─── Stored data
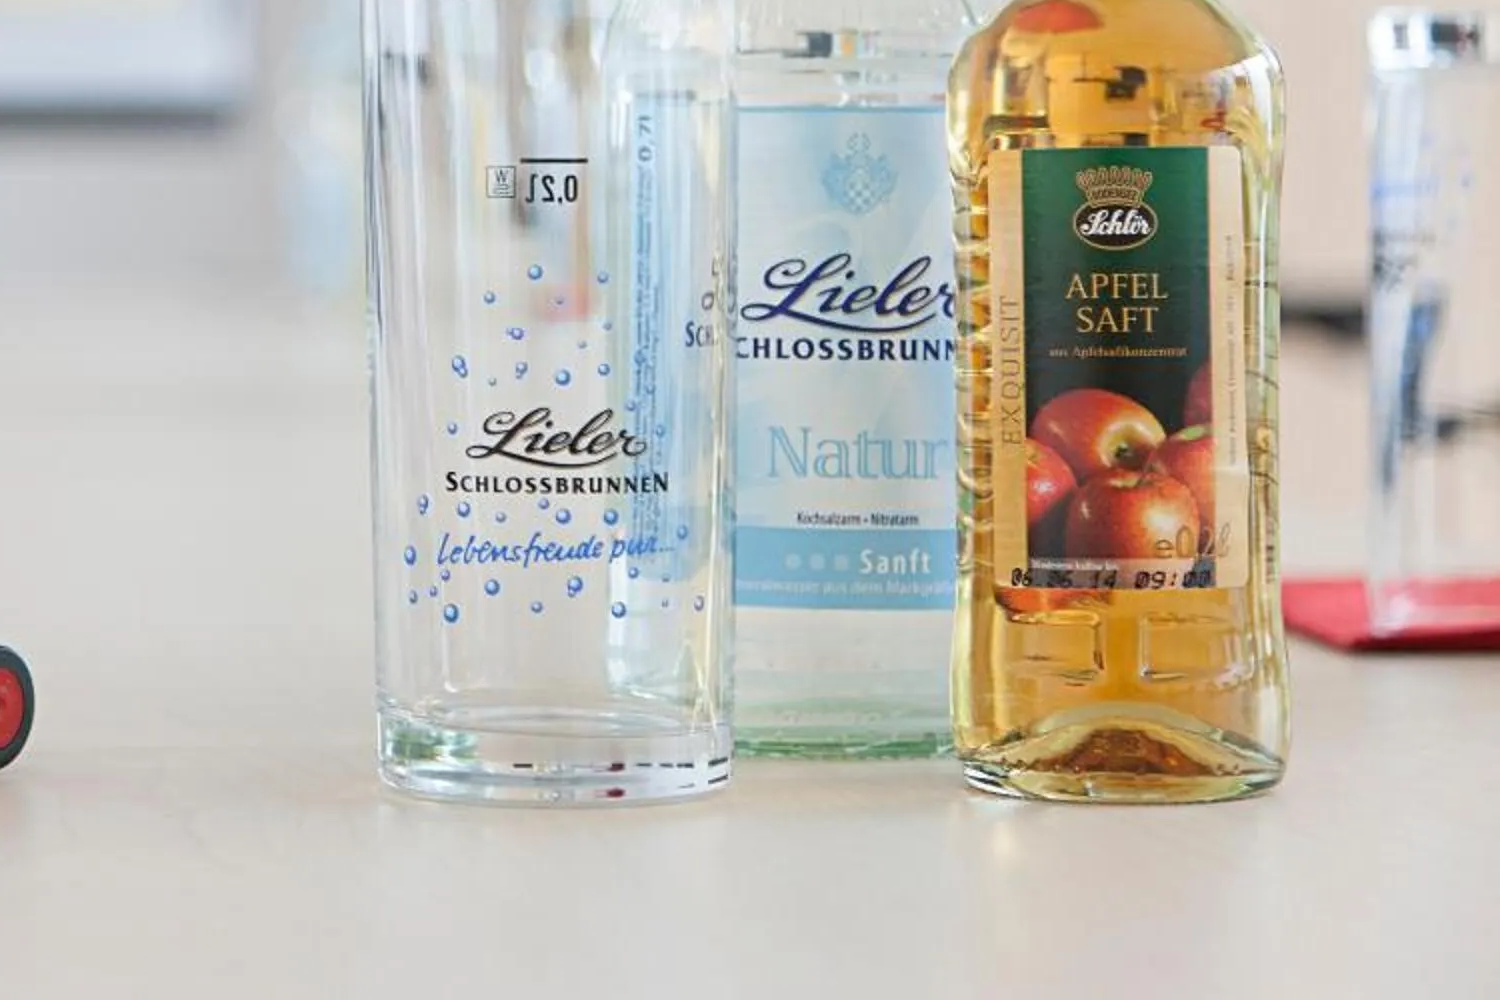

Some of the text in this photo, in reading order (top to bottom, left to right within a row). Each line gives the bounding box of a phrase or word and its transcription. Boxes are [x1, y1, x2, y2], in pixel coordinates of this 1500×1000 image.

[1080, 208, 1152, 237] Schlör
[1065, 272, 1169, 300] APFEL
[1076, 306, 1160, 334] SAFT
[1000, 296, 1024, 444] EXQUISIT
[465, 407, 648, 468] Lieler
[766, 425, 948, 481] Natur
[445, 471, 669, 494] SCHLOSSBRUNNEN
[797, 511, 861, 526] Kochsalzarm
[437, 532, 604, 569] Lebensfreude
[859, 548, 931, 575] Sanft
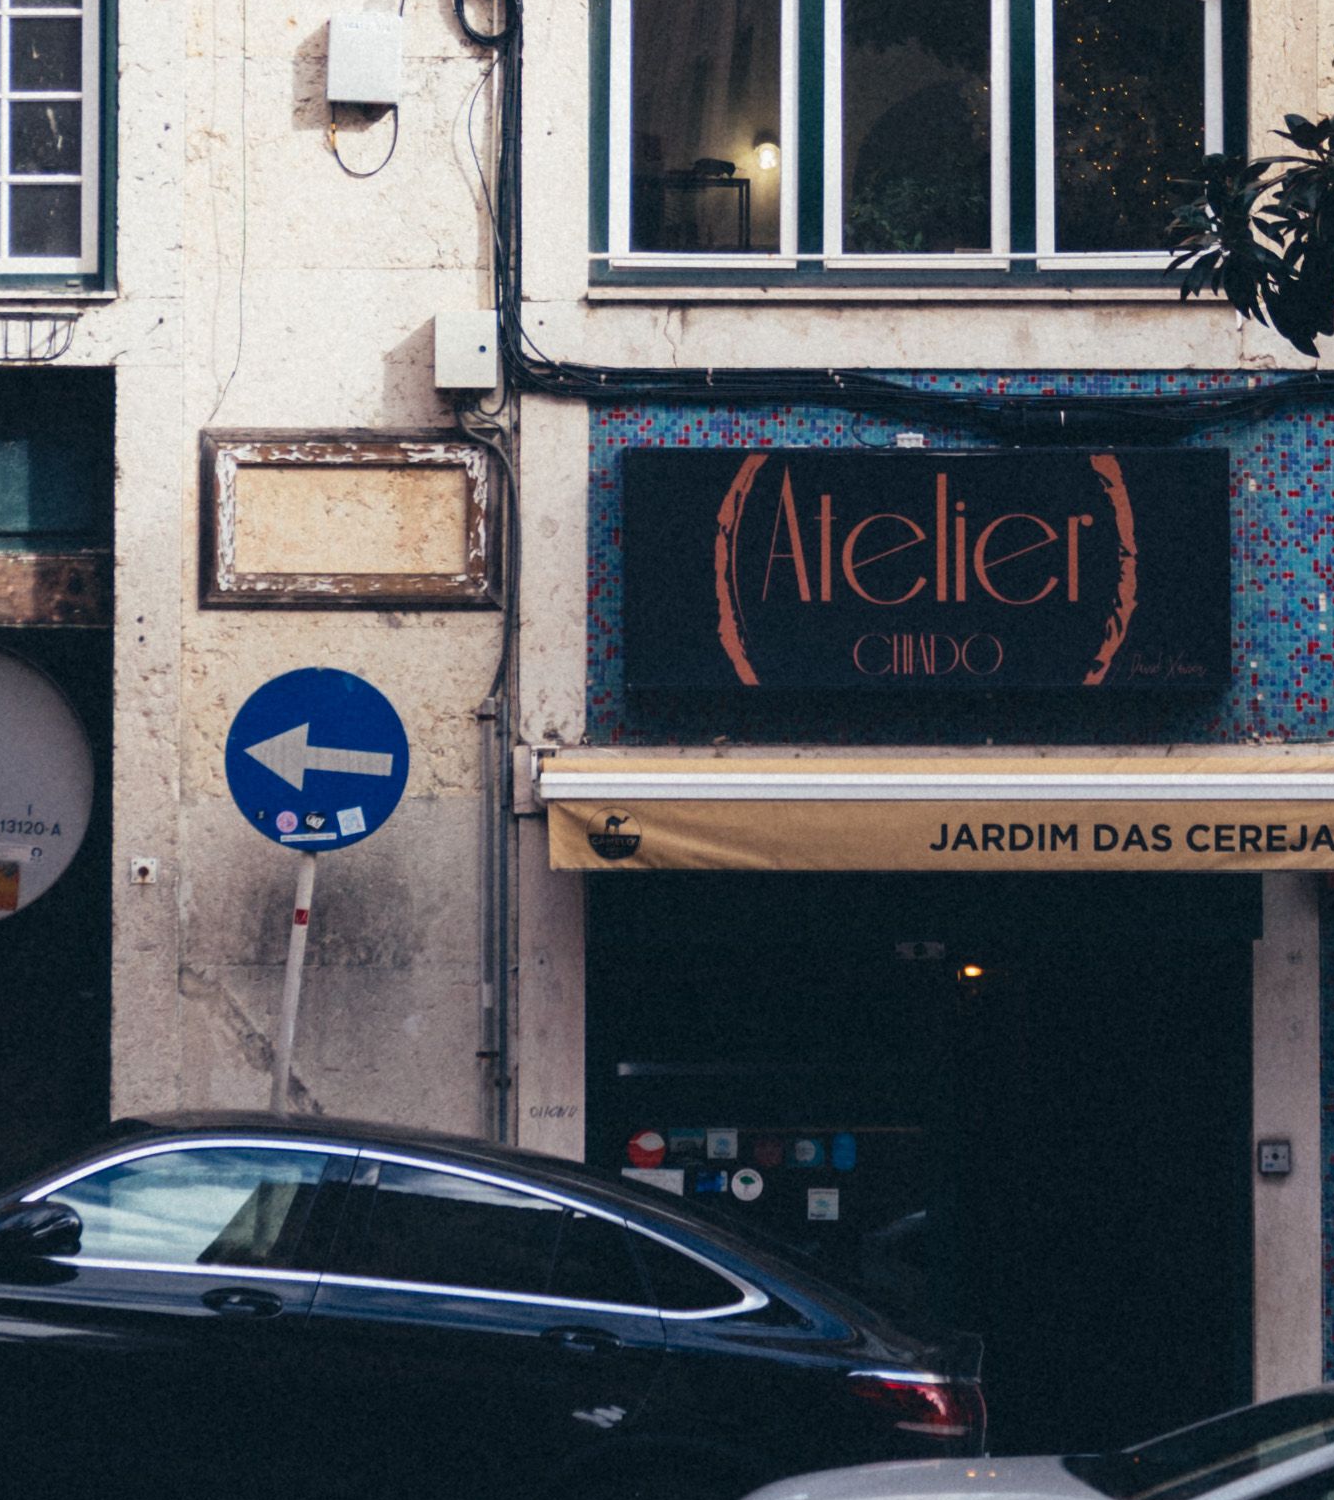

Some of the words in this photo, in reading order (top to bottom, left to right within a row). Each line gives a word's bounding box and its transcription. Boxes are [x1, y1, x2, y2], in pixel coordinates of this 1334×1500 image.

[762, 464, 1094, 606] Atelier
[853, 632, 1004, 676] CHIADO
[929, 823, 1080, 853] JARDIM
[1092, 823, 1173, 853] DAS
──────
• [Work task]: The answer is the run of lines that starts at the one containing "Some of the words" and ends at the last line of the material, reproduced exactly.

• [Written reply]:
Some of the words in this photo, in reading order (top to bottom, left to right within a row). Each line gives a word's bounding box and its transcription. Boxes are [x1, y1, x2, y2], in pixel coordinates of this 1334×1500 image.

[762, 464, 1094, 606] Atelier
[853, 632, 1004, 676] CHIADO
[929, 823, 1080, 853] JARDIM
[1092, 823, 1173, 853] DAS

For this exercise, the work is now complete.